La récente (et magnifique !) publicité de Noël d’Intermarché vient de nous offrir une démonstration éclatante de ce que le génie humain est inimitable. Face aux vidéos générées par intelligence artificielle de géants comme Coca-Cola ou McDonald’s, critiquées et rejetées par le public, c’est un conte animé entièrement réalisé par des humains qui a touché le cœur de millions de personnes.
Des millions de vues, des louanges du monde entier, une émotion palpable.
Pourquoi un tel succès ? Parce que chaque dessin a été peint par une main humaine. Parce qu’une centaine de personnes y ont mis leur sensibilité, leur expérience, leur humanité pendant un an. Cette différence, le public l’a immédiatement ressentie.
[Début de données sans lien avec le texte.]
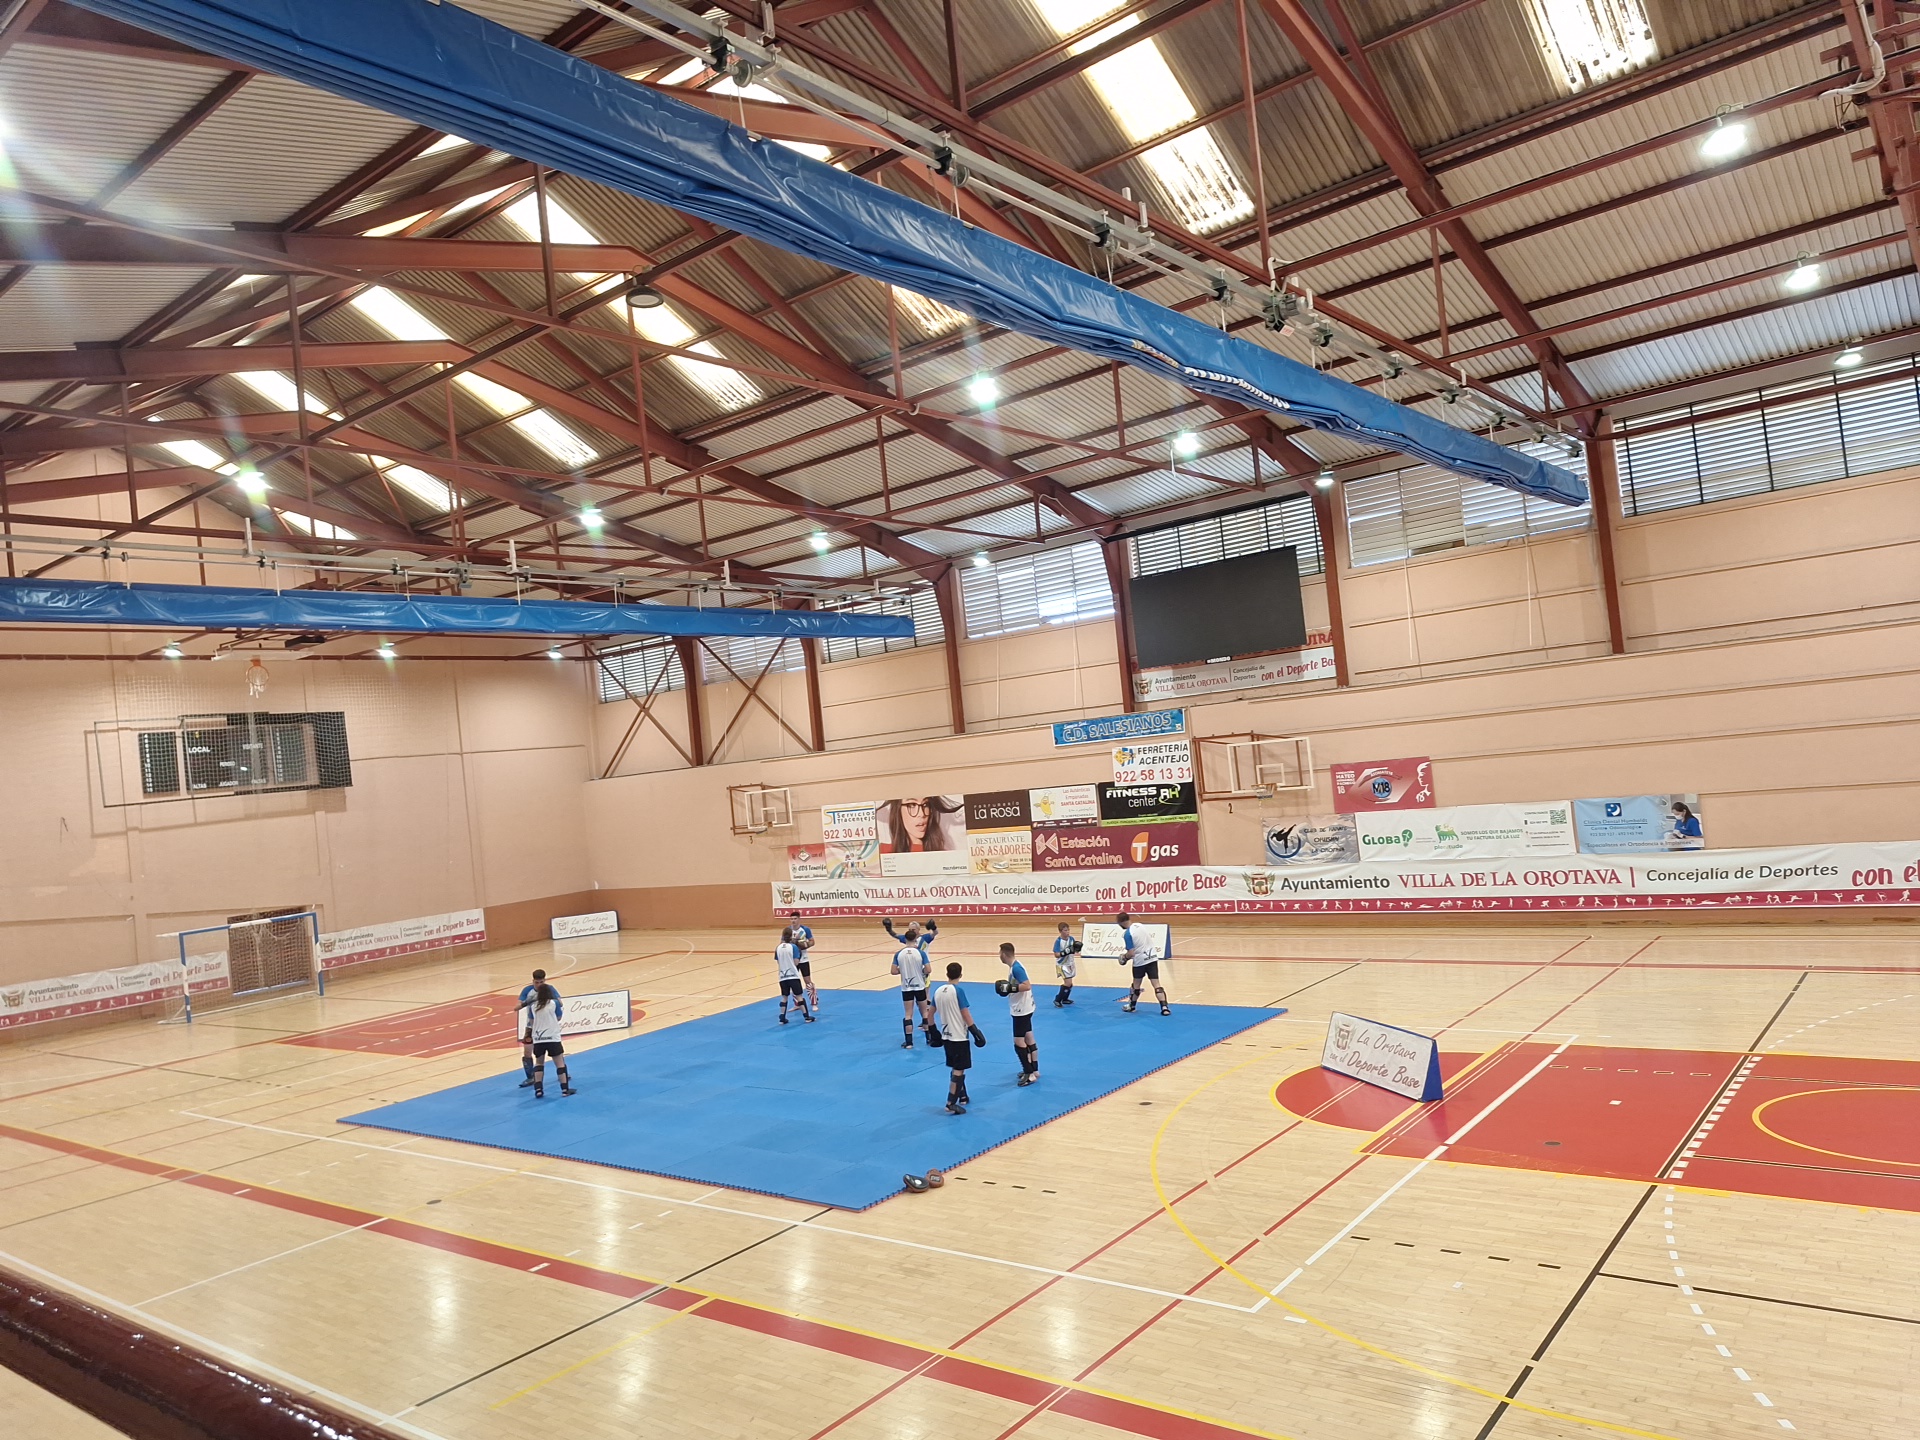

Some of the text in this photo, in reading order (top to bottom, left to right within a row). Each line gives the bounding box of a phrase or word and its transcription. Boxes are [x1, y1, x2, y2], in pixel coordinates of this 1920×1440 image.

Comme il le ressent face à une oeuvre d’art…
L’intelligence artificielle peut reproduire des formes, imiter des styles, générer des images en quelques secondes. Mais elle ne peut pas vivre. Elle ne connaît ni la joie, ni la peine, ni le doute, ni l’émerveillement. Elle n’a jamais contemplé un coucher de soleil avec le cœur serré, jamais pleuré devant la beauté d’un instant fugace ou dans la perte d’un animal, jamais tremblé d’excitation ou d’appréhension en posant le premier coup de pinceau sur une toile vierge. Elle n’a jamais expérimenté l’amour d’un humain ou d’un animal. Elle ne vit pas.
D’ailleurs, je ne peux que vous conseiller de discuter avec une IA elle-même de ses propres limites : c’est édifiant… Car jamais l’IA ne saura se connecter à une âme, encore moins la rendre sur une toile.